#### [Information given]

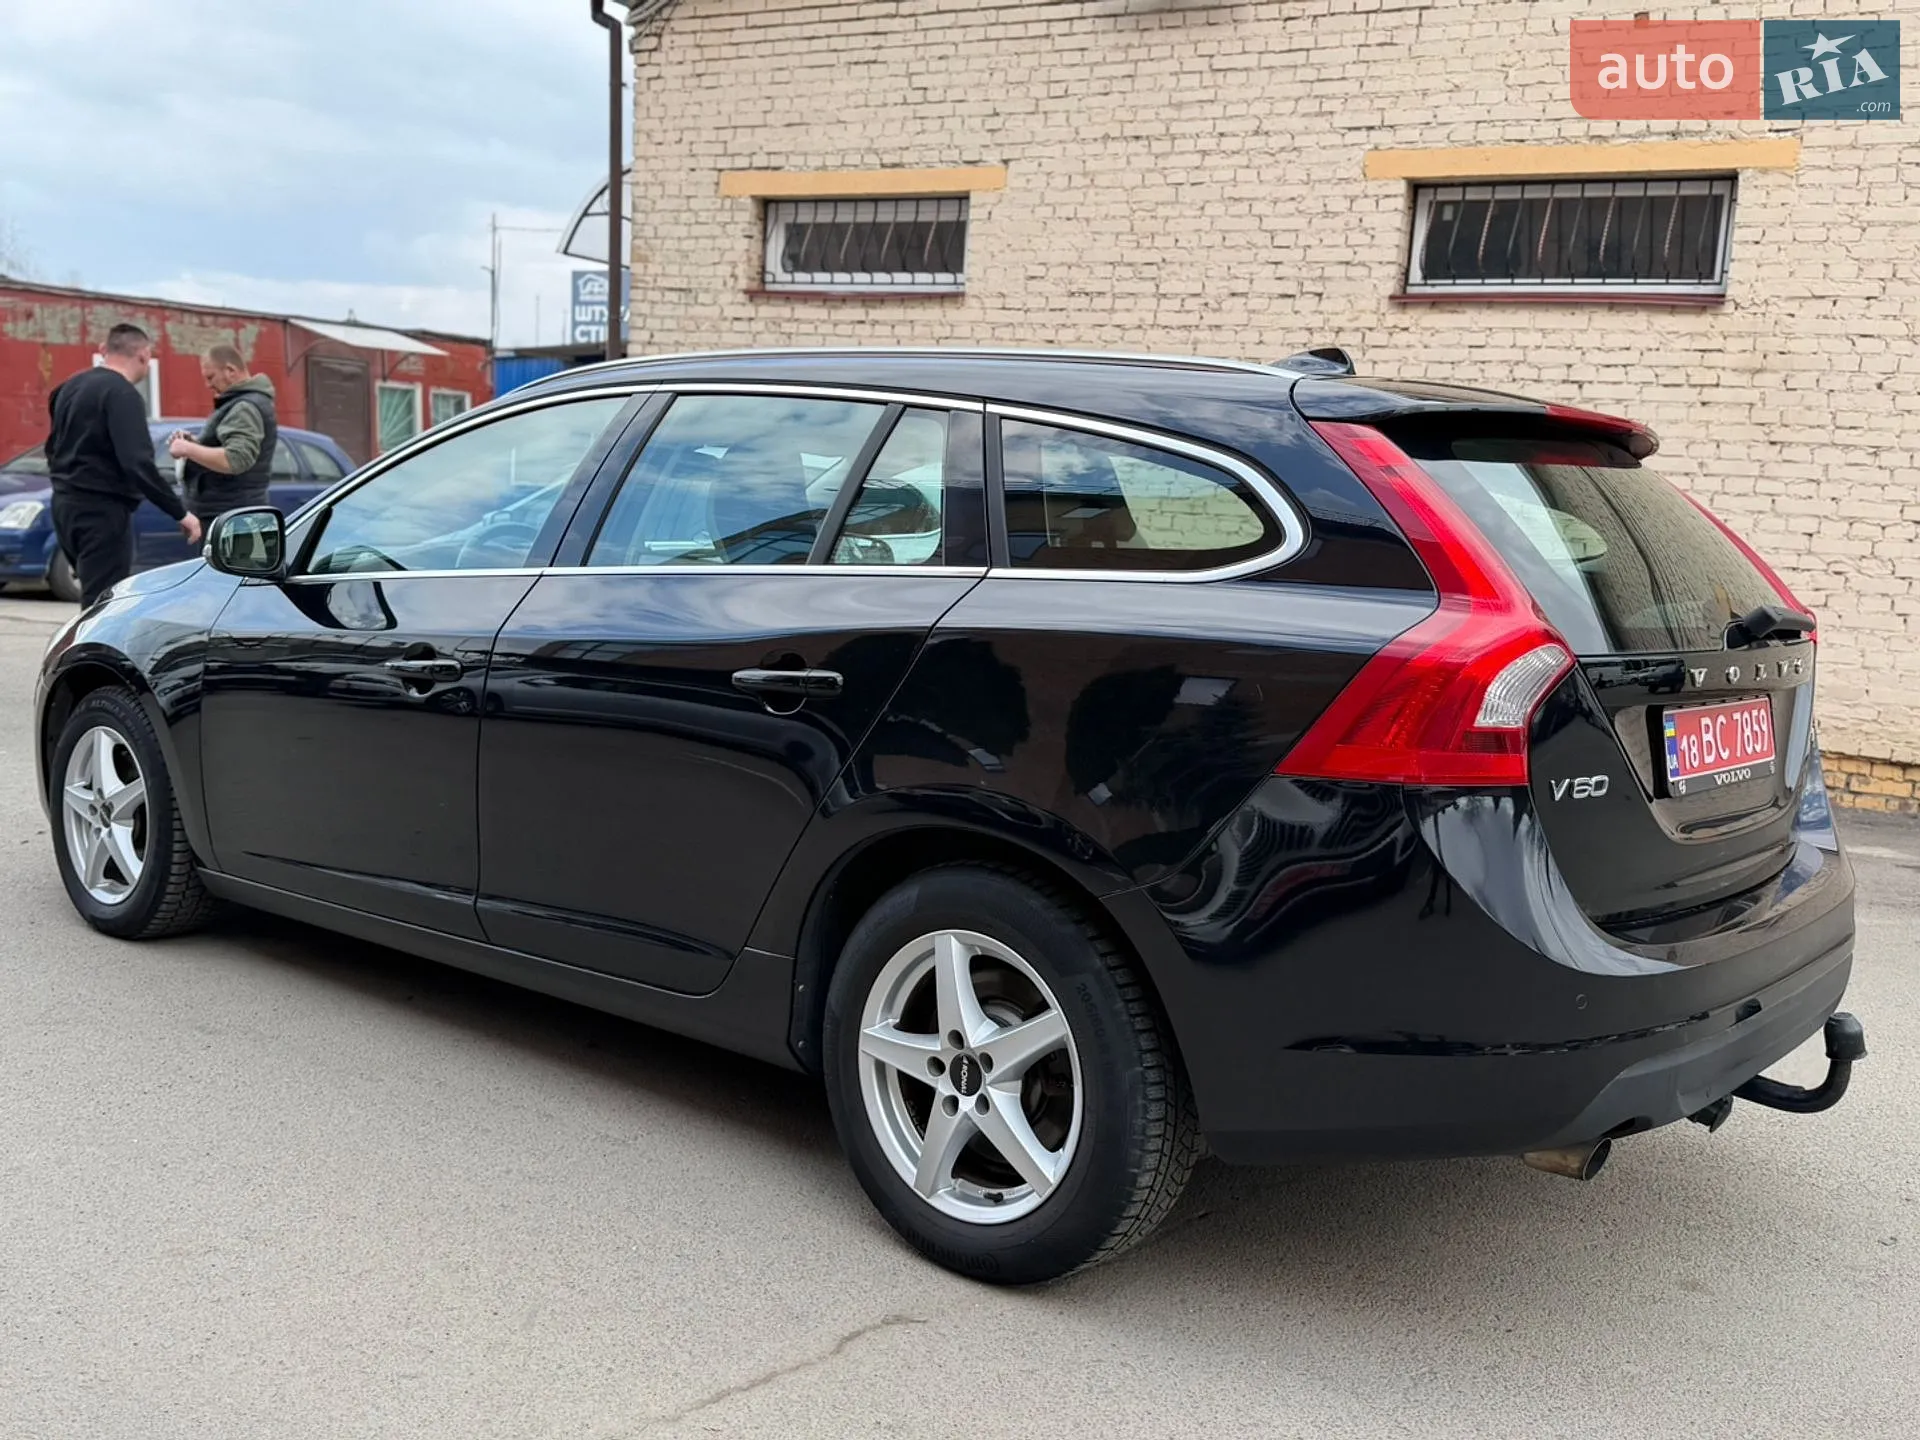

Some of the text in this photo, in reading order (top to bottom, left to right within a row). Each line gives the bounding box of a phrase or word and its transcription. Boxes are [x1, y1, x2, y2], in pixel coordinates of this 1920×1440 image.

[1689, 658, 1803, 688] VOLVO
[1680, 708, 1769, 770] 18 BC 7859
[1549, 774, 1610, 802] V60
[1714, 768, 1752, 786] VOLVO

#### [Work item]
Reproduce the records above exactly, leaving out every picture they contain.

#### [Task answer]
Some of the text in this photo, in reading order (top to bottom, left to right within a row). Each line gives the bounding box of a phrase or word and its transcription. Boxes are [x1, y1, x2, y2], in pixel coordinates of this 1920×1440 image.

[1689, 658, 1803, 688] VOLVO
[1680, 708, 1769, 770] 18 BC 7859
[1549, 774, 1610, 802] V60
[1714, 768, 1752, 786] VOLVO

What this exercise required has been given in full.